Another important symbolism of the fly is that the boss is willing the fly to fight, to challenge its resistance. In this, the reader sees the boss once again trying to impose his power and superiority on someone or something else, and is self-absorbed in his own emotions. The boss’s disregard to the life of the fly is similar to how he considers his business and his son. These are however only means to mask his own fear of confrontation from his son and from himself. This is because he was not exactly the good father.
Thus, the fly does not only represent the boss’s emotions, it is also an extrapolation and unmasking of the real attitude of the boss: when faced with the dilemma of a life circumstance, the boss, while displaying emotions of affection, still chooses to be cold in the same manner he deals with business. However, now the reader sees the boss not as the cold-blooded person that he is in the earlier parts of the story but somebody who has an understanding of his own reality. A contrast to this point, however, is seen with the boss throwing the fly into the wastebasket which represents how he had willed himself to forget and reject his reality. Mansfield’s ability to make an interesting character out of the boss is one of the best parts of the story. Even at the end, the reader is left wondering if or when will the boss change.

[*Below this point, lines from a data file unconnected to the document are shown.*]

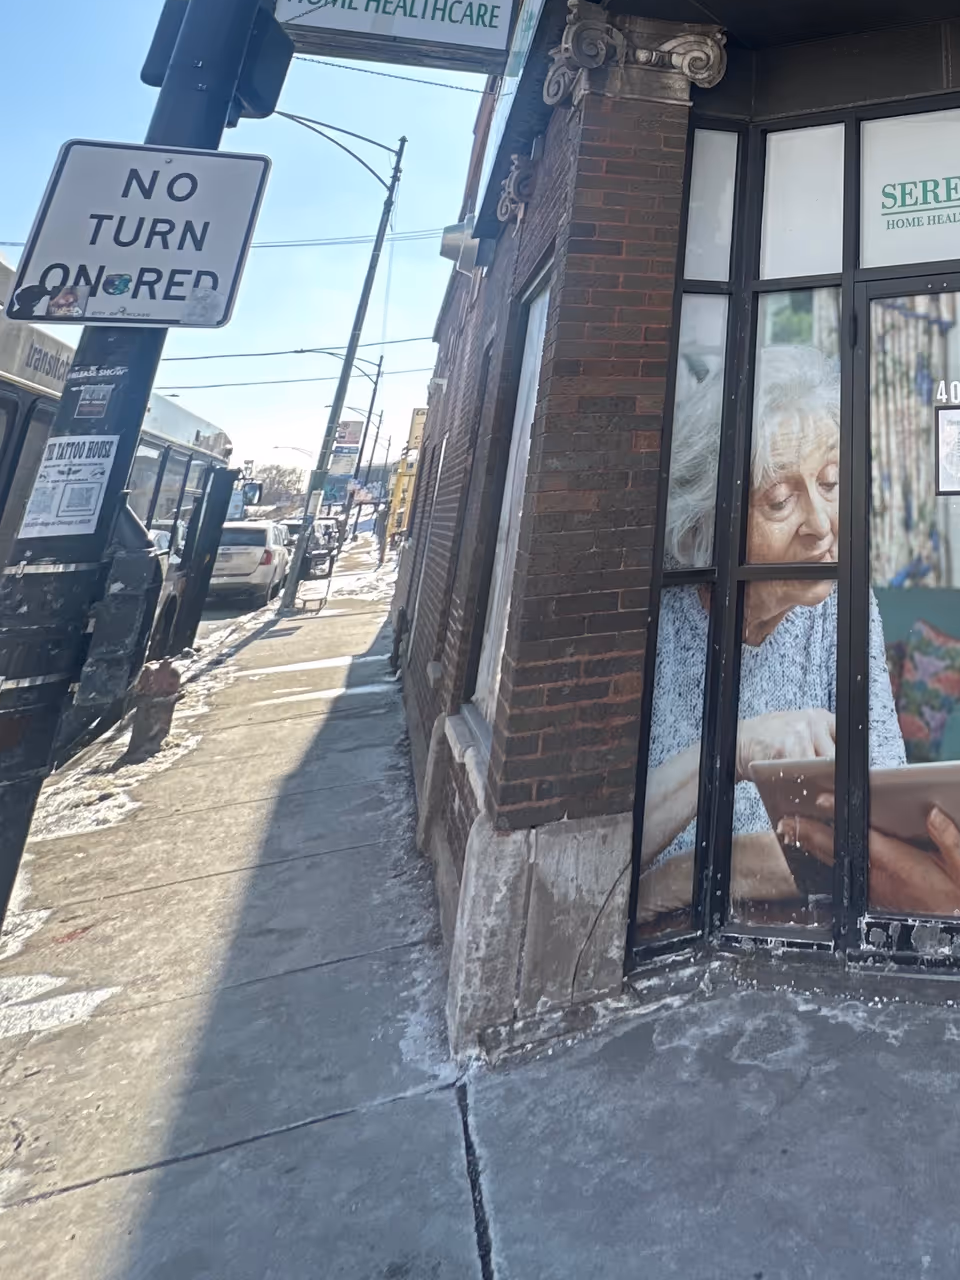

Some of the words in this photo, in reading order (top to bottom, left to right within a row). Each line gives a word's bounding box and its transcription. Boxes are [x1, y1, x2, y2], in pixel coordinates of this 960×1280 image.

[121, 168, 198, 202] NO
[89, 214, 210, 251] TURN
[886, 217, 924, 231] HOME
[39, 263, 106, 298] ON
[131, 267, 219, 303] RED

Grieving shows one of the most vulnerable times in a person’s life. It demands reflection and contemplation of the loved one’s value and how one has behaved to that person. Clearly, the realism projected by Mansfield shows how the boss was tormented by this reality and how he has responded to this only shows the defense mechanism that most people in grief employ. The Fly aptly shows a re-examination of what humans are and what humanity should be in order not to regret when something as tragic as losing a loved one occurs.
Reference
Mansfield, K. (1991) Stories by Katherine Mansfield. Vintage; Reissue edition (May 7, 1991). 328 pages.